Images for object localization
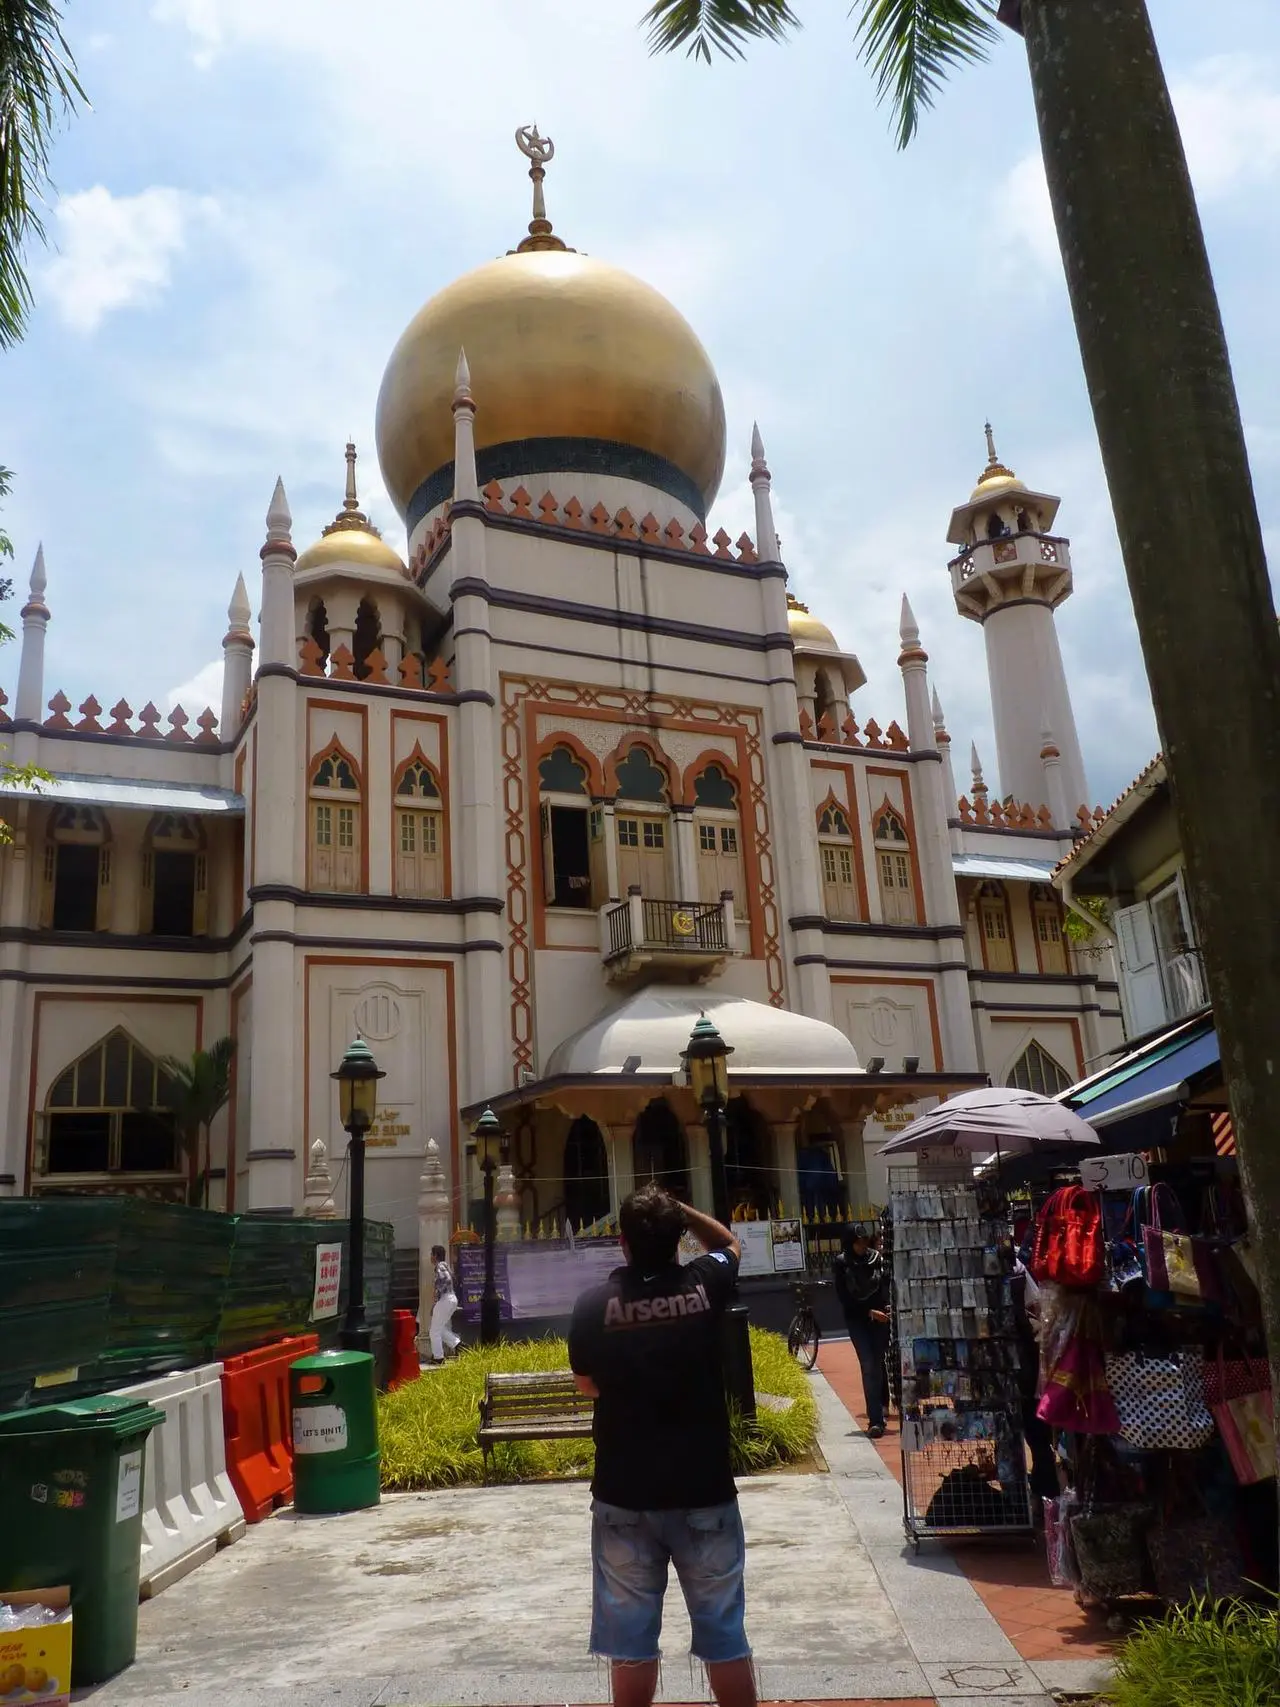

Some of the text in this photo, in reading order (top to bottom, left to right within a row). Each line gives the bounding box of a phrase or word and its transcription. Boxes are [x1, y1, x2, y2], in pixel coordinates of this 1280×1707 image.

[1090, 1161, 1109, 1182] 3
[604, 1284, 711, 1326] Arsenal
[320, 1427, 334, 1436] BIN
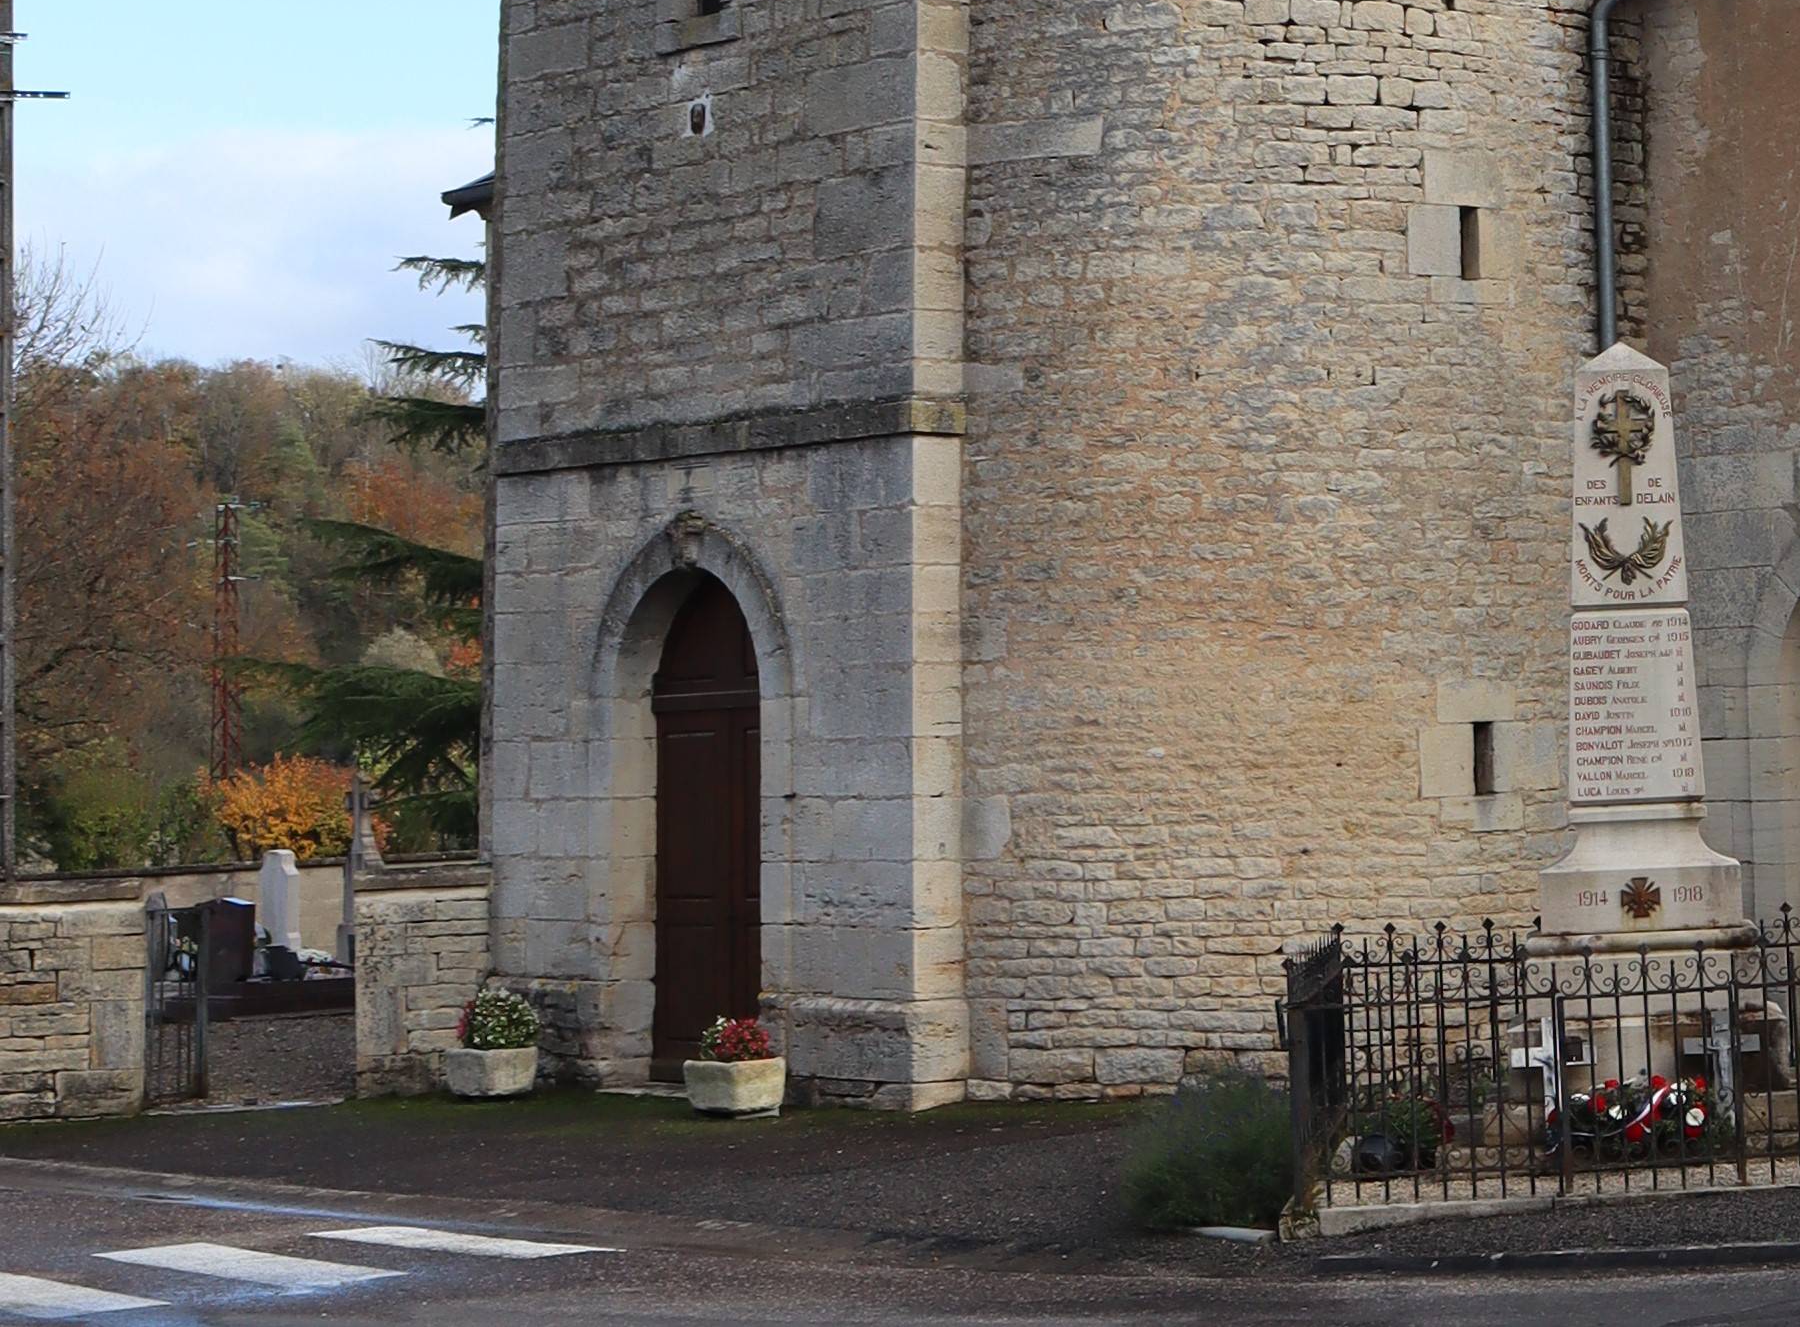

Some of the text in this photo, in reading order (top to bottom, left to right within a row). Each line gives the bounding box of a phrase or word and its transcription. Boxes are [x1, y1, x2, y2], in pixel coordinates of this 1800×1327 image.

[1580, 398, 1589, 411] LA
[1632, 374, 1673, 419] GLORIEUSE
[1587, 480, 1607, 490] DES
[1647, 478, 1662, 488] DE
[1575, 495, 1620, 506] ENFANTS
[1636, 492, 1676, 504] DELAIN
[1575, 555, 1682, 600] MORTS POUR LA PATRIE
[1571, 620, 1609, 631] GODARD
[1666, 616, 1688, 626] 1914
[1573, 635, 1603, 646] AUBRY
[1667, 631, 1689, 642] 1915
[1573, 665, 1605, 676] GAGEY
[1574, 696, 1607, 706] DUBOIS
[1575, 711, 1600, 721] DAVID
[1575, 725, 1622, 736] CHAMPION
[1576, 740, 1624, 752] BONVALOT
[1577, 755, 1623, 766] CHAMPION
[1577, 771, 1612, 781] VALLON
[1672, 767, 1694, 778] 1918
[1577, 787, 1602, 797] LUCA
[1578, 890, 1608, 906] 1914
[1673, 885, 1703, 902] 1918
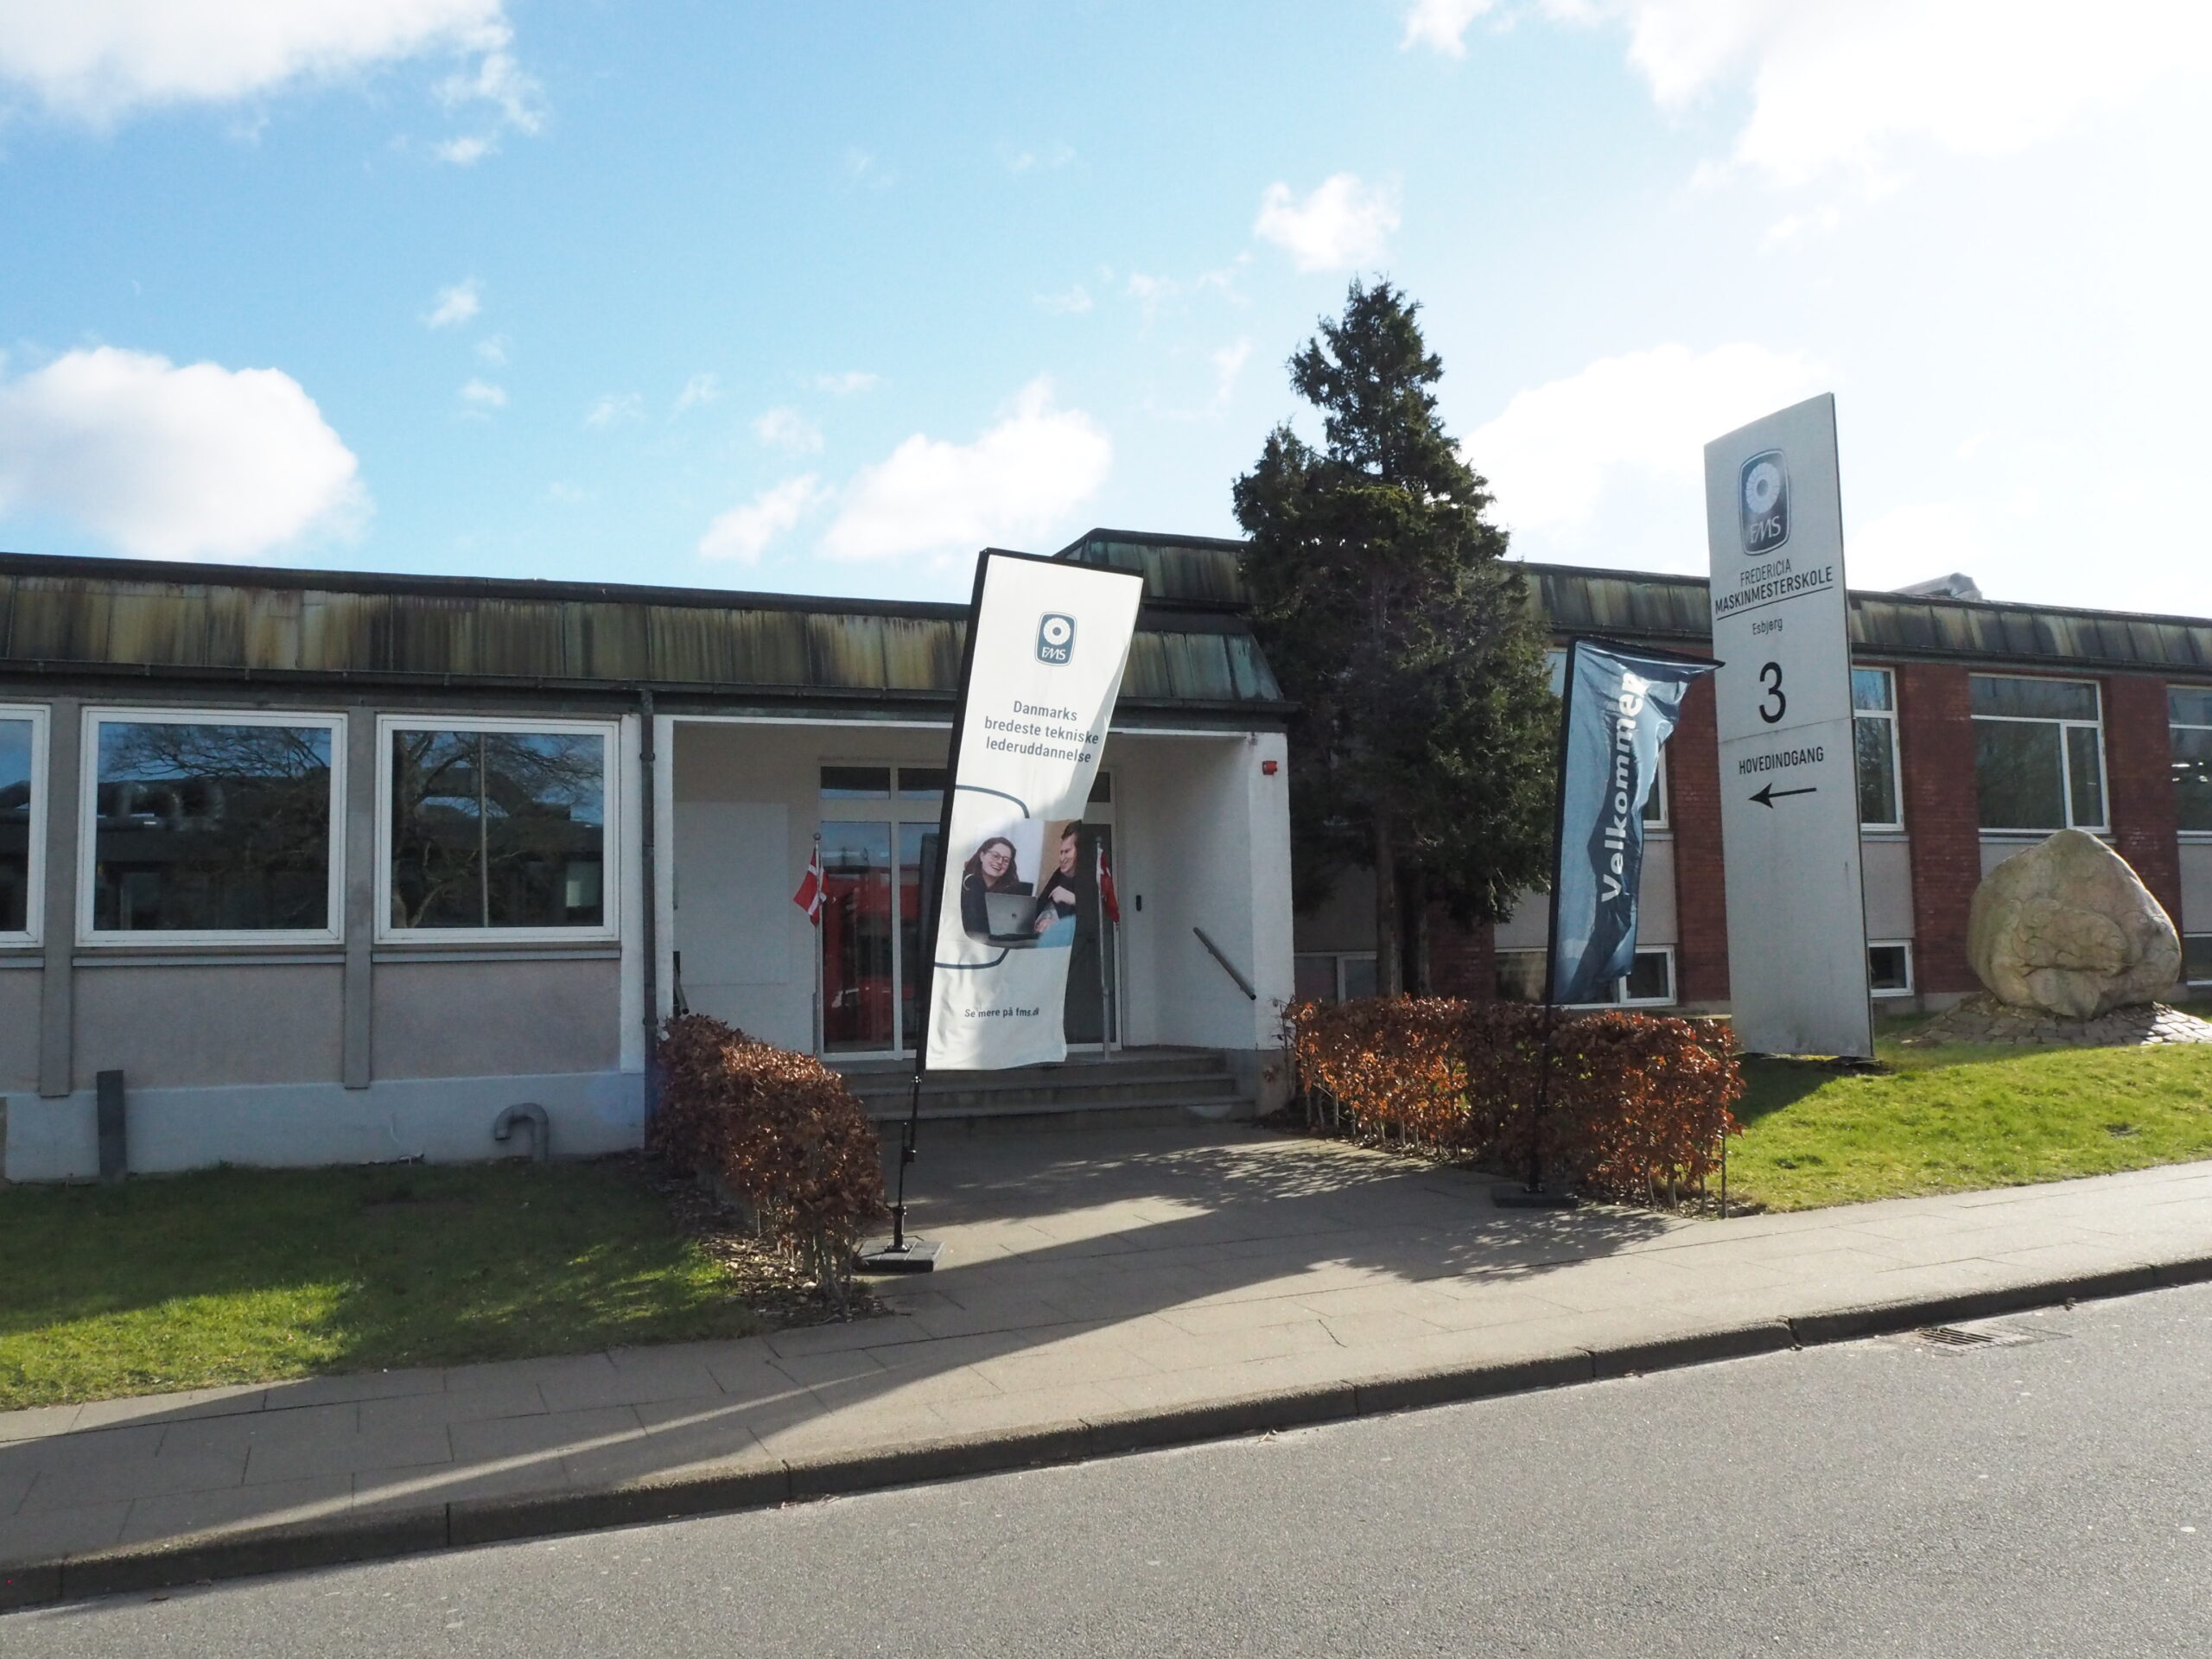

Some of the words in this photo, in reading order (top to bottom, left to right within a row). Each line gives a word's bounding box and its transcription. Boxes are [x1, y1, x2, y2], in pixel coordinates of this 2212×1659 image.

# [Work required]
Could you reproduce every record above exactly, leaving out the pictures?

# [Completed exercise]
Some of the text in this photo, in reading order (top to bottom, left to right within a row). Each line gives the bounding box of a phrase or word and its transcription. Boxes are [x1, y1, x2, y2], in pixel coordinates of this 1280×1707 image.

[1090, 1161, 1109, 1182] 3
[604, 1284, 711, 1326] Arsenal
[320, 1427, 334, 1436] BIN

Some of the text in this photo, in reading order (top to bottom, left to right within a row). Each line gives the bounding box of a phrase or word and its transcription. Boxes are [x1, y1, x2, y2], in pixel coordinates of this 1800×1327 image.

[1580, 398, 1589, 411] LA
[1632, 374, 1673, 419] GLORIEUSE
[1587, 480, 1607, 490] DES
[1647, 478, 1662, 488] DE
[1575, 495, 1620, 506] ENFANTS
[1636, 492, 1676, 504] DELAIN
[1575, 555, 1682, 600] MORTS POUR LA PATRIE
[1571, 620, 1609, 631] GODARD
[1666, 616, 1688, 626] 1914
[1573, 635, 1603, 646] AUBRY
[1667, 631, 1689, 642] 1915
[1573, 665, 1605, 676] GAGEY
[1574, 696, 1607, 706] DUBOIS
[1575, 711, 1600, 721] DAVID
[1575, 725, 1622, 736] CHAMPION
[1576, 740, 1624, 752] BONVALOT
[1577, 755, 1623, 766] CHAMPION
[1577, 771, 1612, 781] VALLON
[1672, 767, 1694, 778] 1918
[1577, 787, 1602, 797] LUCA
[1578, 890, 1608, 906] 1914
[1673, 885, 1703, 902] 1918

Some of the words in this photo, in reading order (top to bottom, left to right within a row). Each line gives a word's bounding box and its transcription. Boxes are [x1, y1, x2, y2], in pixel coordinates of this 2212×1659 image.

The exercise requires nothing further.